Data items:
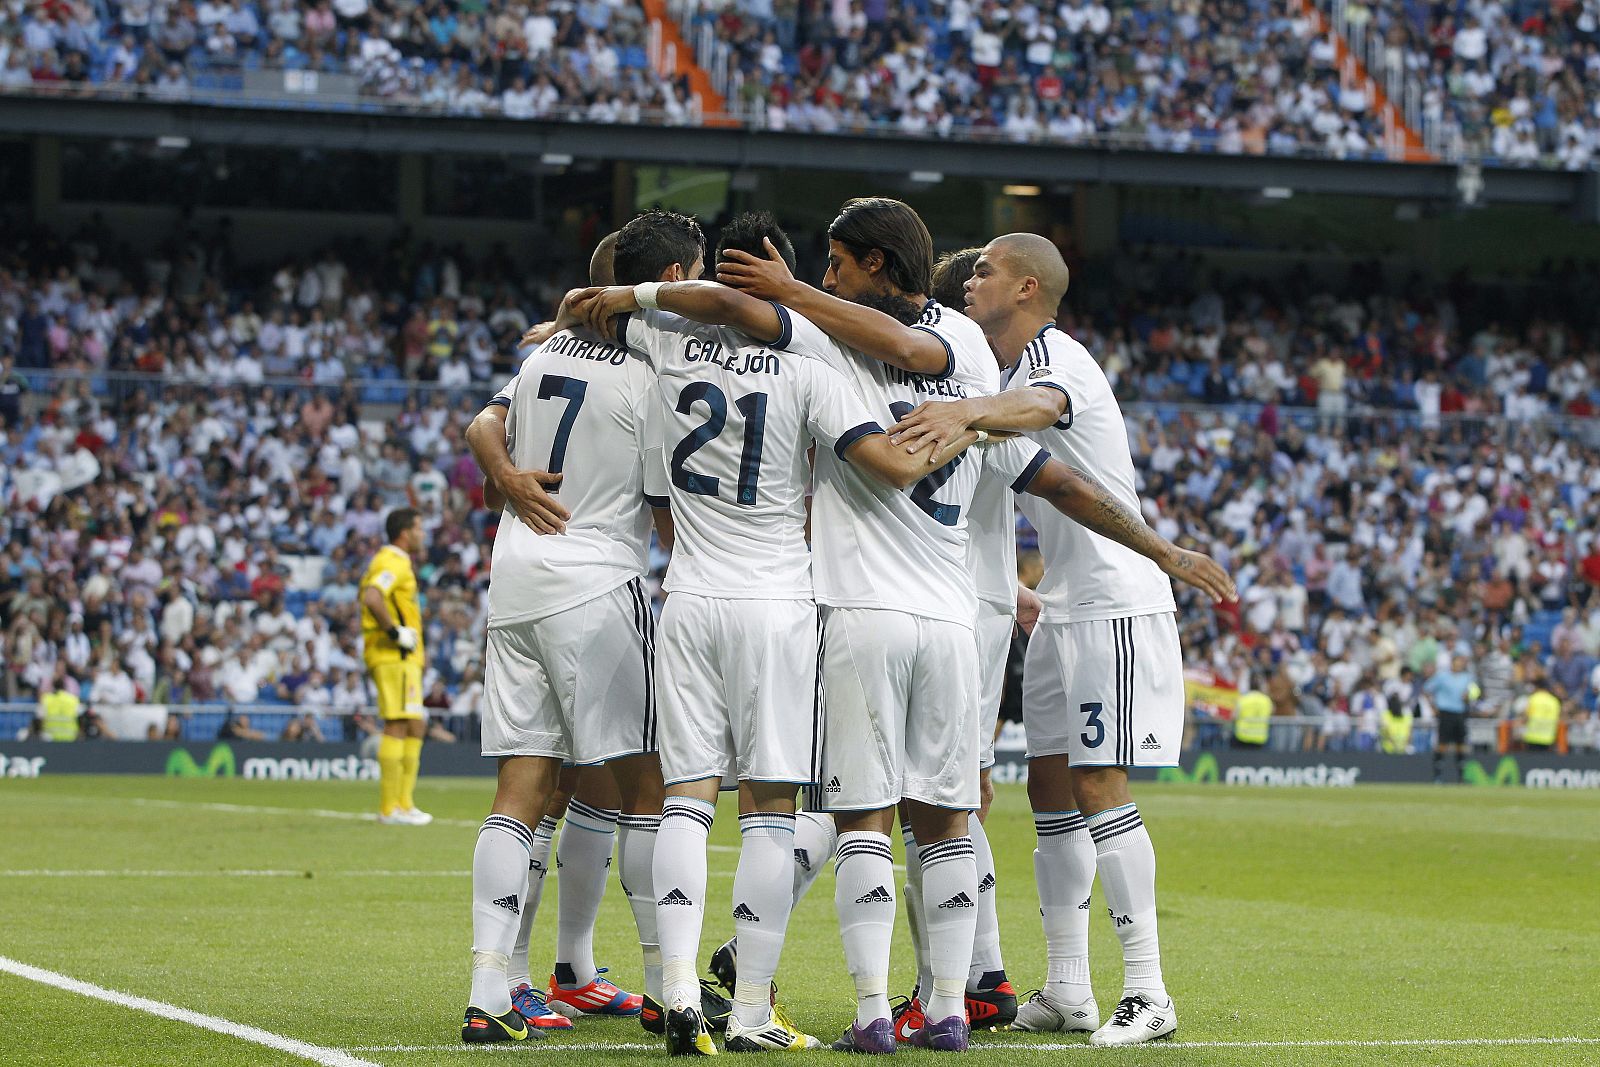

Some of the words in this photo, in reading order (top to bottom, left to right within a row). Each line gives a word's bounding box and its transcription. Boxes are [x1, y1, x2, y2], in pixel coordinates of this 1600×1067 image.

[541, 334, 629, 366] RONALDO
[685, 338, 780, 376] CALEJÓN
[537, 373, 589, 494] 7
[671, 381, 768, 505] 21
[1080, 702, 1105, 749] 3
[243, 754, 382, 781] movista
[1225, 763, 1361, 788] movistar

WHAT YOU ARE ASKED TO DO -
An exact copy of every line above is needed, without the images.

EXERCISE SOLUTION -
Some of the words in this photo, in reading order (top to bottom, left to right within a row). Each line gives a word's bounding box and its transcription. Boxes are [x1, y1, x2, y2], in pixel coordinates of this 1600×1067 image.

[541, 334, 629, 366] RONALDO
[685, 338, 780, 376] CALEJÓN
[537, 373, 589, 494] 7
[671, 381, 768, 505] 21
[1080, 702, 1105, 749] 3
[243, 754, 382, 781] movista
[1225, 763, 1361, 788] movistar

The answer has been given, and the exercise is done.